Gender Fraud by Peg Tittle - book review by Jocelyn Cawley

Male domination is the process through which its victims and perpetrators witness the degradation, destruction, diminution, and/or dismissal of female life. In Peg Tittle’s Gender Fraud, the reader witnesses these practices of devolution unfold within a fictional world in which women are arrested for conveying traits associated with maleness (in a sociocultural and political context where being male is confluent with being fully human and being fully human means that the individual has the capacity to experience and express autonomy, independence, and agency). As the text unfolds, the reader learns that the female protagonist has been relocated to a psychiatric facility for the purpose of being reeducated on how to perform femininity for the purpose of eventually reentering society as a successfully subordinated woman who will docilely comply with the rules and regulations purported by the system of male domination. Delving into this text provides radical feminist readers with a plethora of complex, convoluted topics about which to ruminate and subsequently further develop strategies for resistance in a world predicated on the material, metaphysical, and metaphorical annihilation of female people.  

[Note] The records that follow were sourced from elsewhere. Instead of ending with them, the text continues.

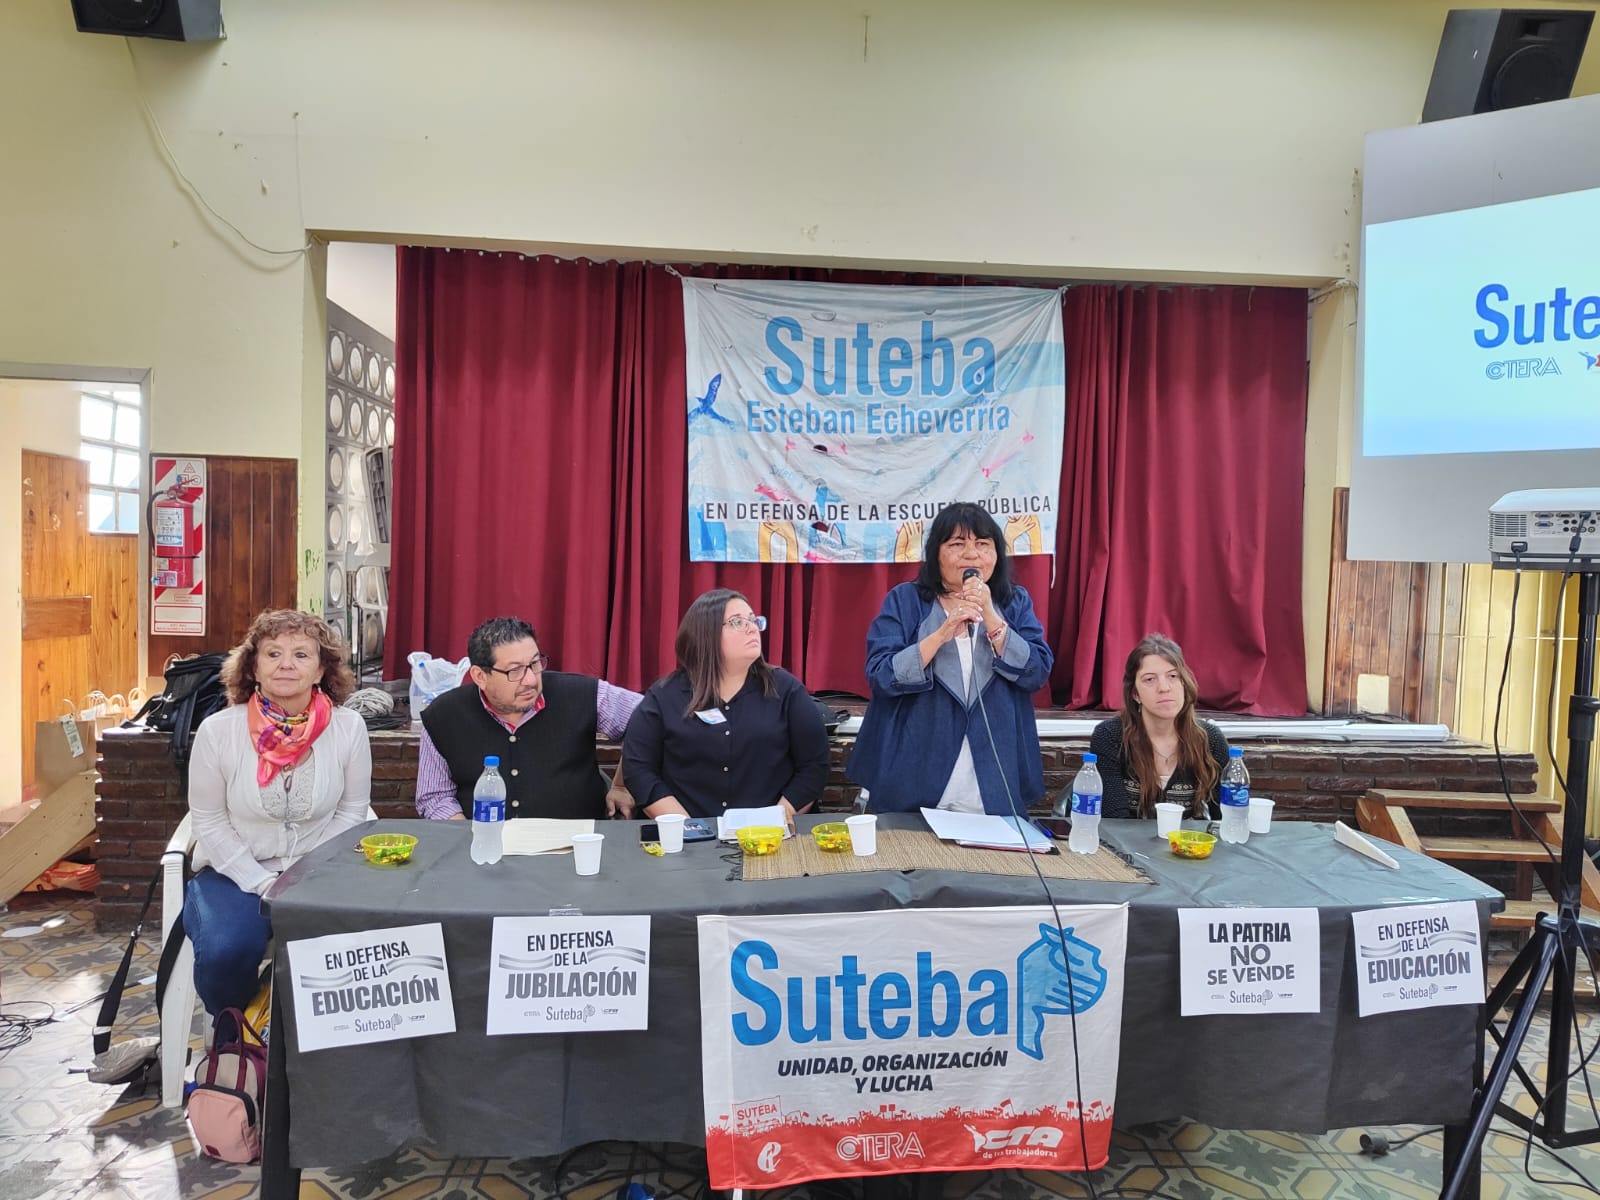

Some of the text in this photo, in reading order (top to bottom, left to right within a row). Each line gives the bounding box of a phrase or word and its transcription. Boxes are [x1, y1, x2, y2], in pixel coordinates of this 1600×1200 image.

[1474, 283, 1600, 349] Sute
[763, 316, 996, 397] Suteba
[1485, 357, 1562, 380] CTERA
[747, 399, 1010, 434] Esteban Echeverría
[706, 502, 728, 519] EN
[737, 503, 819, 521] DEFENSA
[827, 504, 850, 521] DE
[858, 504, 880, 521] LA
[888, 501, 953, 521] ESCUE
[1208, 922, 1291, 943] LA PATRIA
[1378, 916, 1449, 941] EN DEFENSA
[527, 930, 614, 952] EN DEFENSA
[1401, 937, 1429, 952] DE LA
[325, 940, 411, 970] EN DEFENSA
[554, 951, 588, 967] DE LA
[1230, 943, 1271, 967] NO
[1367, 948, 1471, 984] EDUCACIÓN
[353, 963, 388, 981] DE LA
[505, 966, 637, 999] JUBILACIÓN
[1207, 964, 1295, 985] SE VENDE
[312, 975, 440, 1016] EDUCACIÓN
[730, 939, 1009, 1046] Suteba
[1229, 990, 1262, 1004] Suteba
[1400, 986, 1429, 1000] Suteba
[354, 1017, 391, 1033] Suteba
[546, 1006, 583, 1021] Suteba
[777, 1047, 1008, 1077] UNIDAD, ORGANIZACIÓN
[855, 1074, 933, 1093] Y LUCHA
[737, 1103, 777, 1121] SUTEBA
[836, 1131, 926, 1162] CTERA
[982, 1126, 1064, 1149] CTA
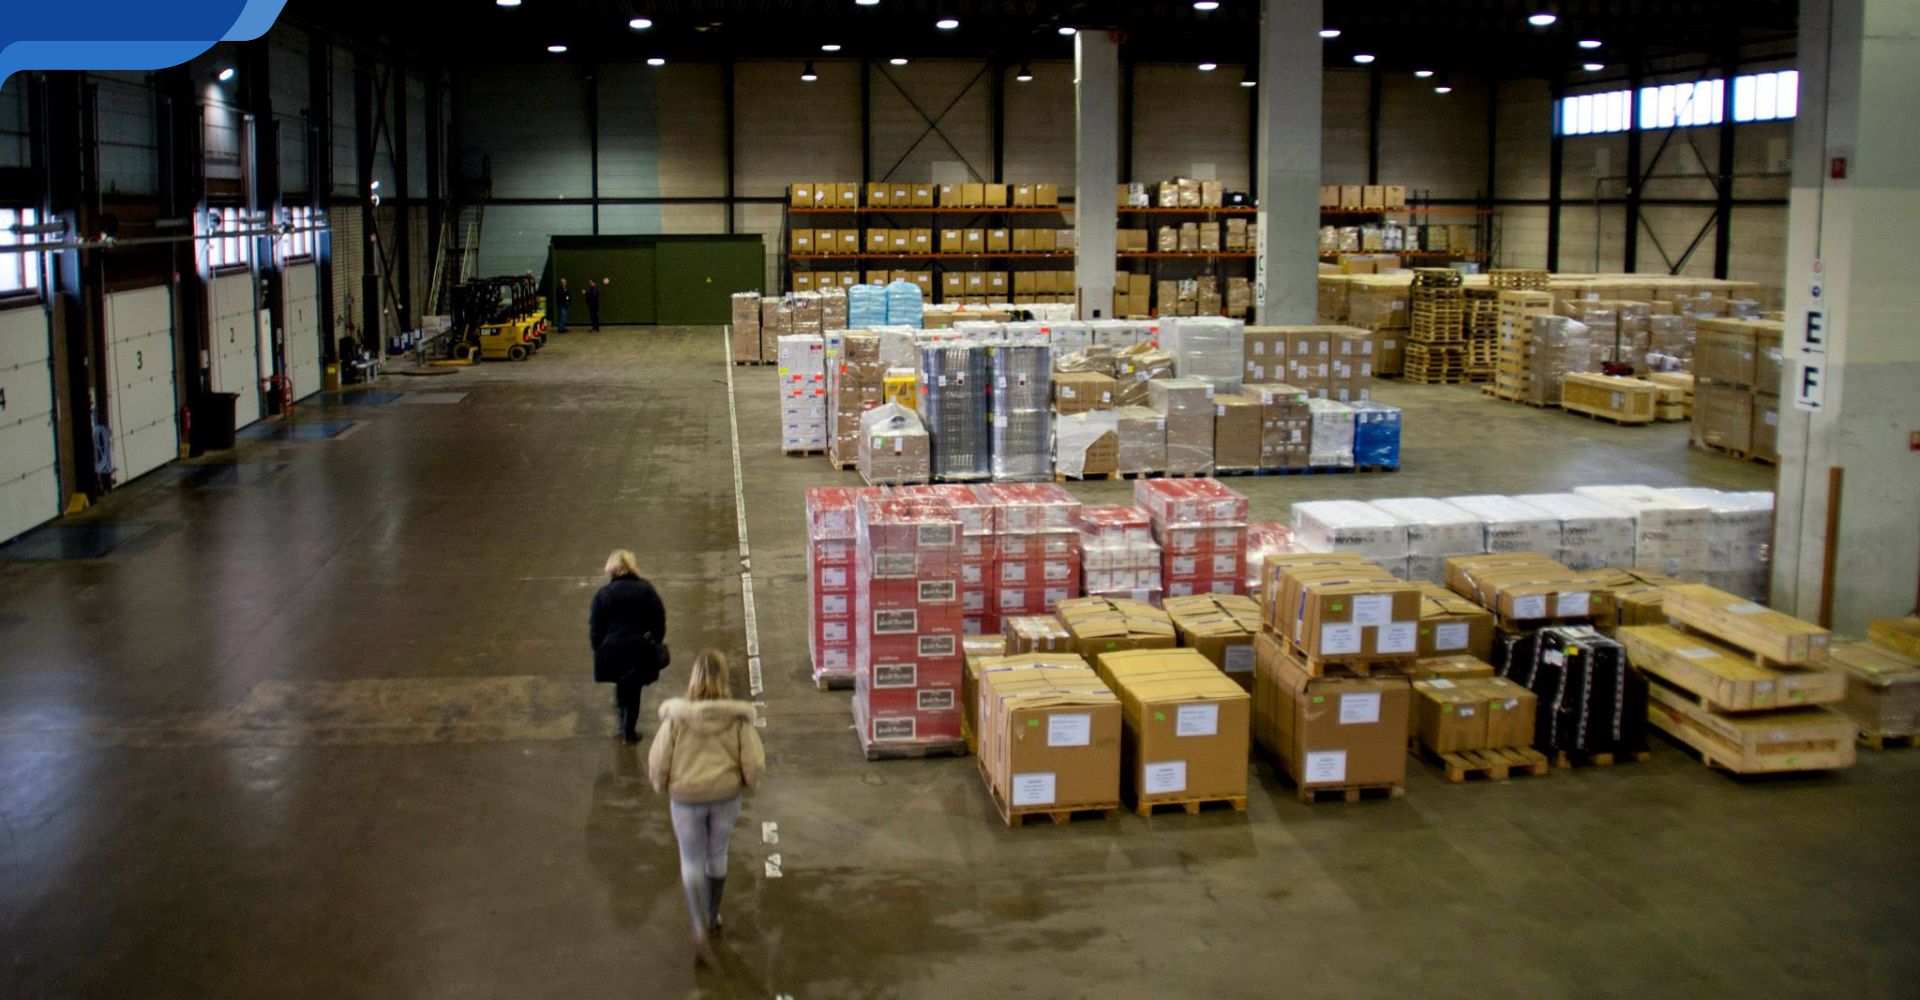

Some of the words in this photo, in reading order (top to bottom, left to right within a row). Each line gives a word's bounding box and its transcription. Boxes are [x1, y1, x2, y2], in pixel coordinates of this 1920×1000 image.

[229, 327, 235, 343] 2
[1807, 312, 1822, 344] E
[136, 350, 143, 370] 3
[1803, 367, 1819, 397] F

The novel opens with central character Kat Jones running and references to her biographical history, the reality of which reinforce the reader’s awareness of the aspects of female subjectivity which involve voluntarily engaging in somatic movement, articulating self-affirmations and reflecting on past events. Specifically, the narrative tells us that 

you can do this, she told herself as she sprinted—well, as she ran as fast as she could—along the road toward the curve in the distance. Heart thundering, lungs heaving, she made it to the curve, rounded it, and saw an intersection in the distance. You can do this, she kept telling herself, as she kept moving, getting closer and closer to the intersection … Yes, she was over sixty, just a tad over sixty, but she’d been running since she was thirteen, since she’d enteredhigh school and discovered something called ‘crosscountry’. She’d done track ingrades seven and eight, but— They ran through the forest! Or at least through the wooded parks on the edge of the city, which was, back then, the closest thing to forest she knew. She fell in love with it. The beauty. The quiet. The solitude. The rhythm. The distance. Between practices, she ran through her neighbourhood. Every day, further(1)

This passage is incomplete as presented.